In fact, talking about mental health in public is a step more and more people (and politicians are taking in order to bring mental health out into the open. I was very moved during a recent Parliamentary debate on mental health by the number of MPs willing to talk about their mental health. And it’s so important that this happens in every walk of life.
There are many shocking statistics on mental health – take the one that life expectancy for those with a mental disorder is on average 20 years less for men and 15 years less for women, for example. To put it bluntly, by not tackling mental health we are cutting people’s lives short.
But since our party has been in Government we have made great strides towards putting mental health right at the top of people’s agendas. It’s a policy area that many in our party are passionate about getting right, and we should be proud that in just 18 months we have:
- Launched a national mental health strategy backed by a £400m investment in psychological therapies for one million adults,
- £32m into talking therapies for children and young people,
- Ensured that by next year, four million under-19s will have access to improved CAMHS,
- Secured Government funding for the successful nationwide Time to Change mental health campaign,
- Invested £7.2 million to ensure the best treatment possible for veterans with mental health problems.
Indeed, this week Nick Clegg and I announced the Government’s mental health implementation framework – not perhaps the sexiest sounding title for something full of really exciting stuff. Essentially it’s a ‘no excuses’ action plan for employers, schools, businesses, housing organisations, voluntary groups, councils and the NHS. It’s all part of our effort to promote good mental health, parity of esteem with physical health and to banish stigma. And it’s starting to take effect. The evidence so far has shown that we have increased the number of people receiving treatment and reduced the number on sick pay and benefits – both a health and economic success.
Produced in partnership with the major mental health charities, NHS confederation and crucially with service users it is a genuine piece of co-production which we are all sign up to working together to deliver.
Ultimately, with Liberal Democrats taking the lead on this issue we are starting to see fewer excuses and more solutions for the one in four of us who will experience mental health issues at some point in our lives.
* Paul Burstow is Liberal Democrat candidate for Sutton and Cheam and was the MP until the dissolution of Parliament on 30th March.
2 Comments
this is really good- the focus on mental health that the liberal democrats have pushed in this government is one of the main reasons, for me, why i am proud the lib dems are there. credit to burstow and nick clegg, who has consistently called for better treatment of mental health from his early days as leader.

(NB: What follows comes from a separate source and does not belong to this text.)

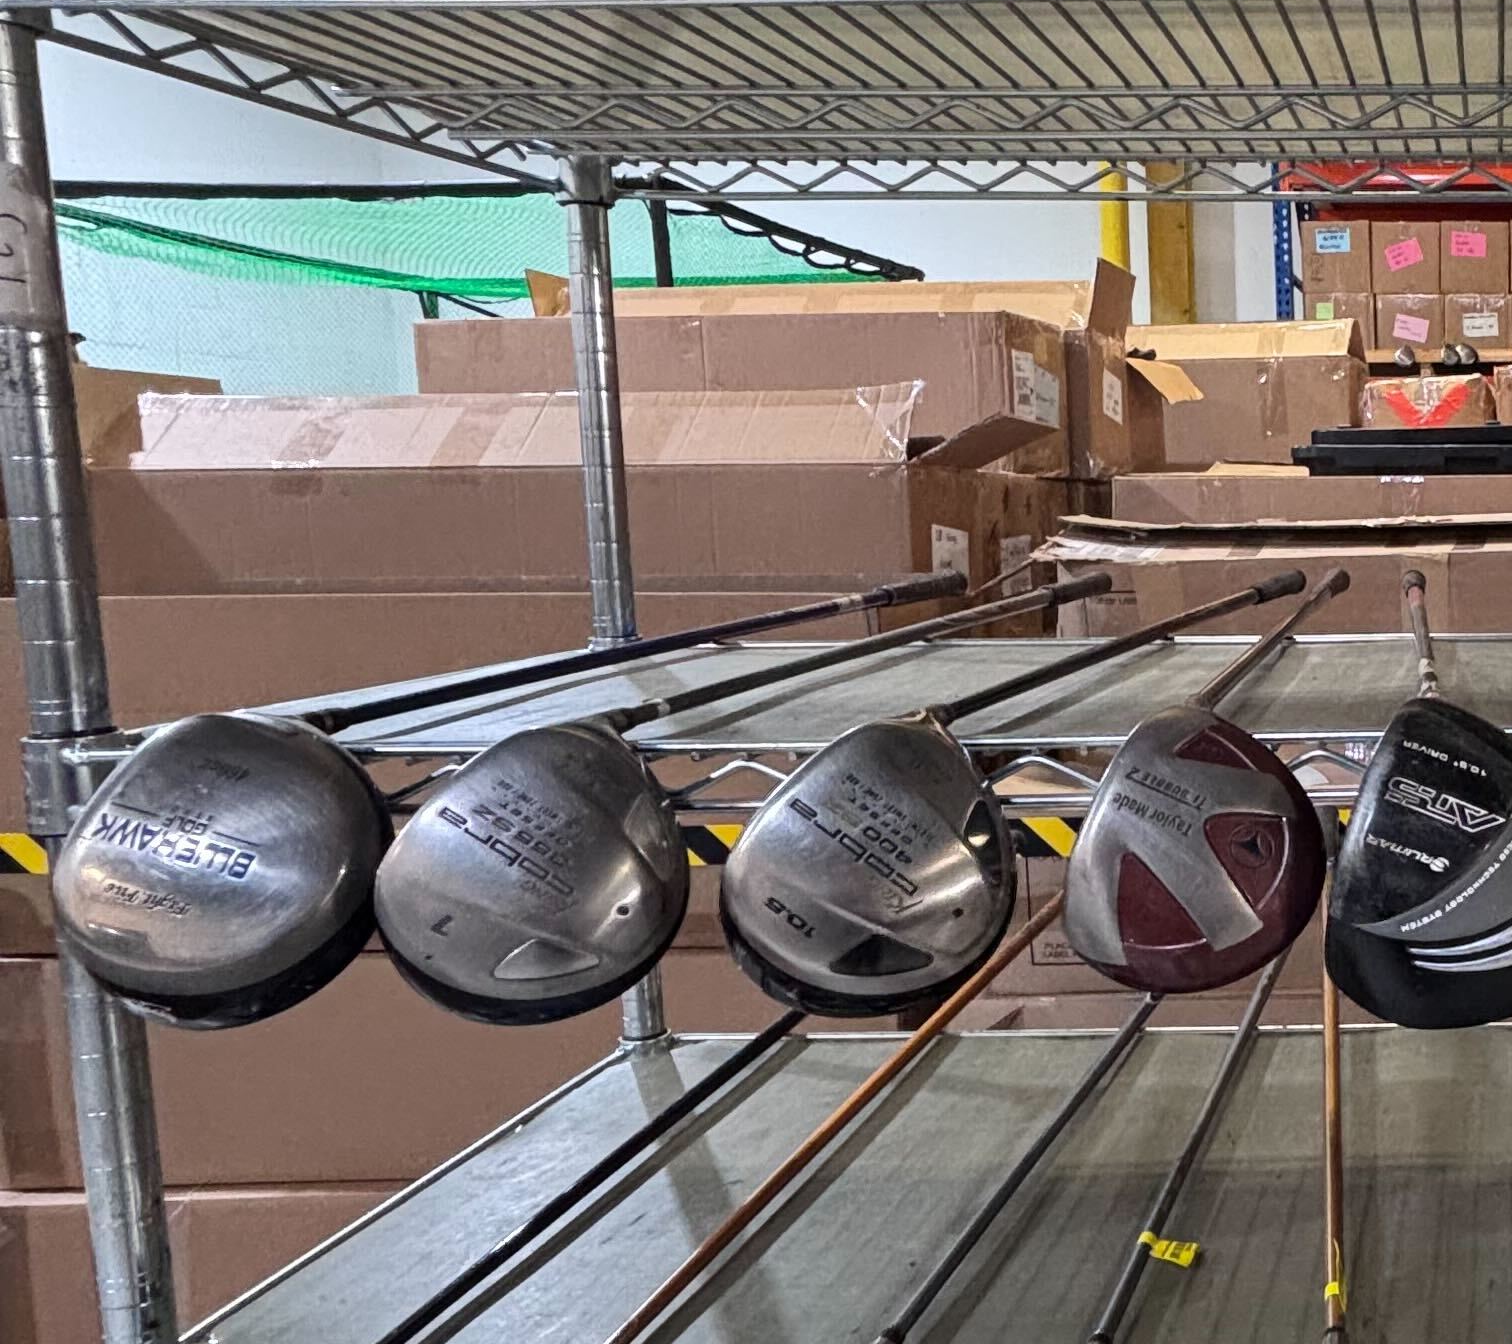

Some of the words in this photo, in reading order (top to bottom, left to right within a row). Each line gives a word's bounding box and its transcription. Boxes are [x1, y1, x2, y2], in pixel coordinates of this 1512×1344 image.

This news is welcome, but it is also a bit hypocritical of Clegg and Burstow. Many people with very serious mental health issues are being found fit for work by the calamity that is the ATOS WCA assessments, where mental illness is often not taken into account and when it is, only in a rudimentary way. These tests, which are not fit for purpose (according to the BMA), are actually harming people with mental illnesses up and down the country and there have , sadly, been suicides by mentally ill people who the DWP and ATOS are finding “fit for work” against the evidence provided by their GPs and consultants. It is hypocritical of Clegg and Burstow to praise this scheme and say mental health needs more focus, while still going on C4 News like Clegg did to praise ATOS and say people should respect the process they use.
If there are “no excuses” when it comes to mental health, why are Clegg and Burstow still supporting ATOS and the not fit for purpose WCA? It’s a case of one eye open, one eye closed.